Jack followed her and said, “What about what I needed, Melanie?”
She glanced over her shoulder. “And you needed a daughter?”
“How the heck should I know? I’ve never had one. And if it was up to you, I never would have known about her.”
Melanie glanced toward the hallway. “Keep your voice down.” She flipped the switch on the coffeemaker.
Jack moved to her, gripped her arms and stared down at her. “Talk to me, Mel.”
He was hurt, she could see. More deeply than she’d thought.
“You kept my baby from me,” he went on. “That’s not easily forgivable.”

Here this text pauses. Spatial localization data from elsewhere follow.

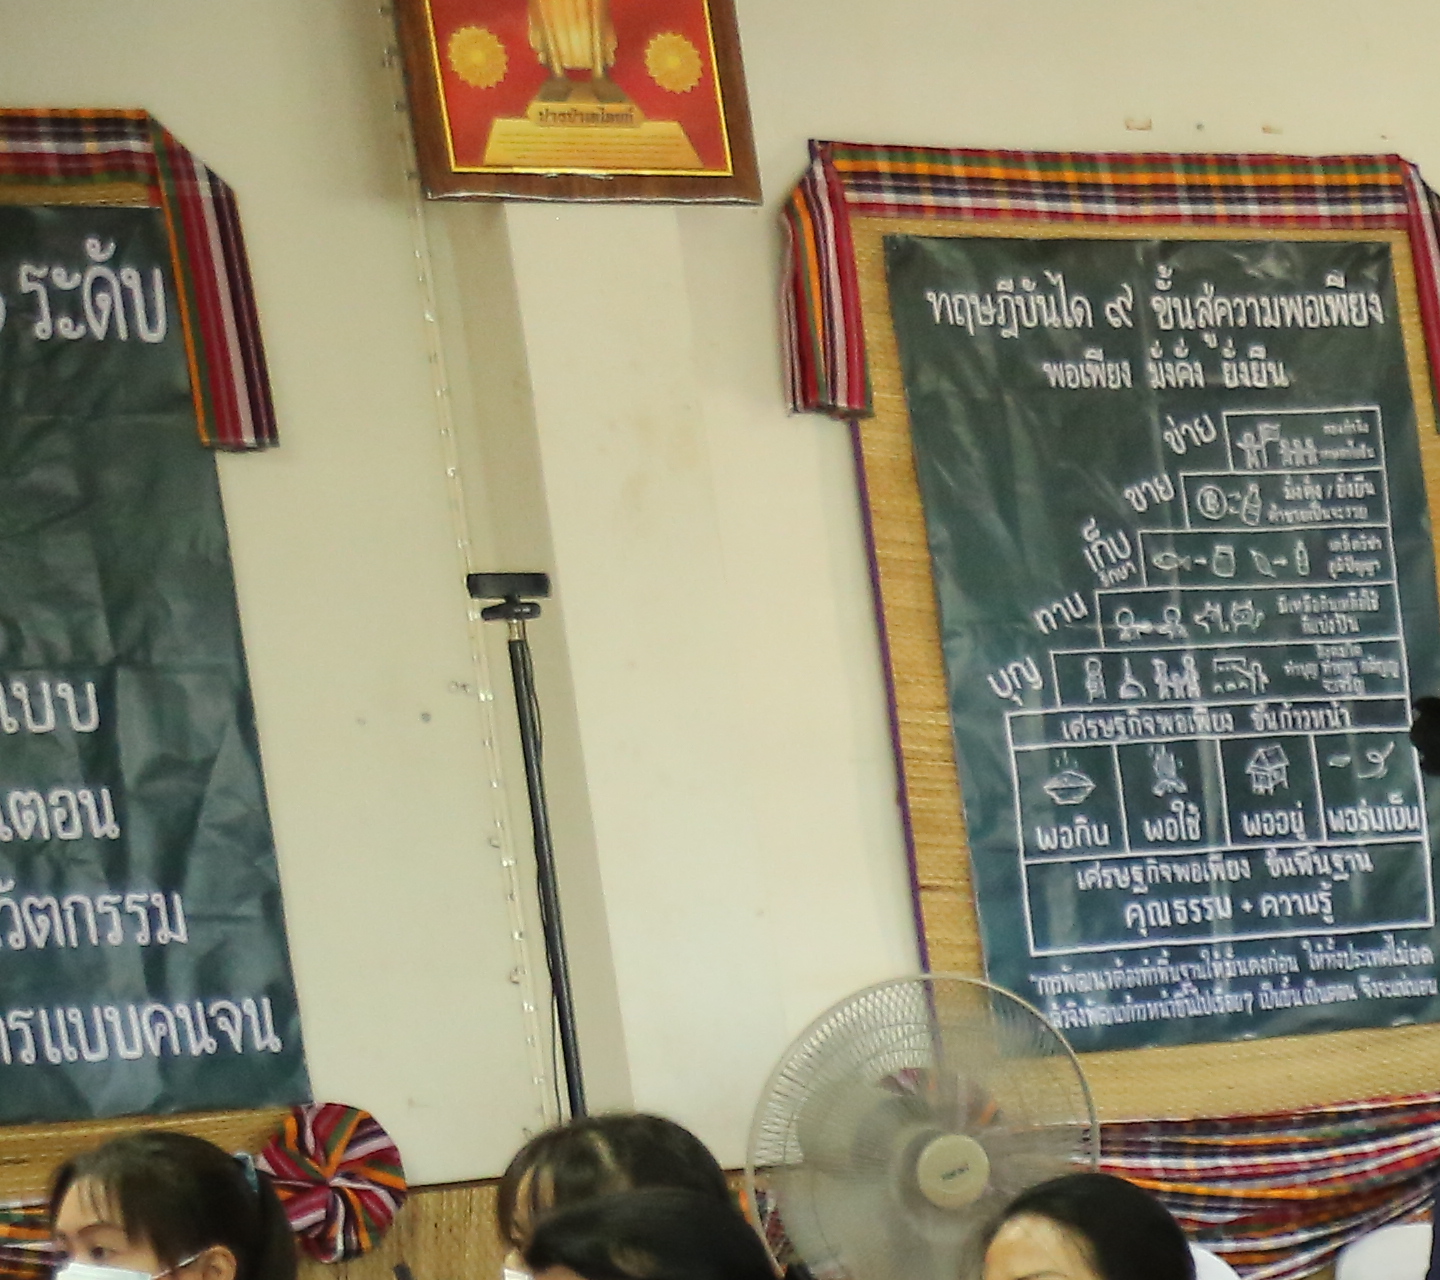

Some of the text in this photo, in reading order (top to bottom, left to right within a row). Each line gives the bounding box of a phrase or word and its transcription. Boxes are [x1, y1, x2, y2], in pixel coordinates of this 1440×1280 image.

[19, 232, 168, 344] ระดับ
[1103, 282, 1134, 329] ๙
[1151, 263, 1386, 349] ขั้นสู่ความพอเพียง
[1042, 338, 1291, 390] พอเพียง มั่งคั่ง ยั่งยืน
[1124, 473, 1175, 512] ขาย
[1081, 516, 1132, 573] เก็บ
[1033, 591, 1088, 635] ทาน
[987, 654, 1044, 707] บุญ
[1062, 706, 1235, 742] เศรษฐกิจพอเพียง
[1035, 814, 1111, 851] พอกิน
[1143, 799, 1201, 842] พอใช้
[1242, 800, 1307, 842] พออยู่
[1076, 853, 1252, 894] เศรษฐกิจพอเพียง
[1124, 893, 1234, 938] คุณธรรม
[1259, 880, 1335, 924] ความรู้

“I did what I had to do, with the resources I had. You were unreachable. They wouldn’t even tell me if you were in this country.”
He hadn’t been, but he couldn’t tell her that. “Did you even once think of me?”
She blinked, hurt and insulted, and pushed off his touch, stepping back. “How can you say that? I had your baby growing inside me, Jack. All I thought about was you. When I was screaming in pain delivering her, I thought about you and I wanted to beat you senseless, by the way.”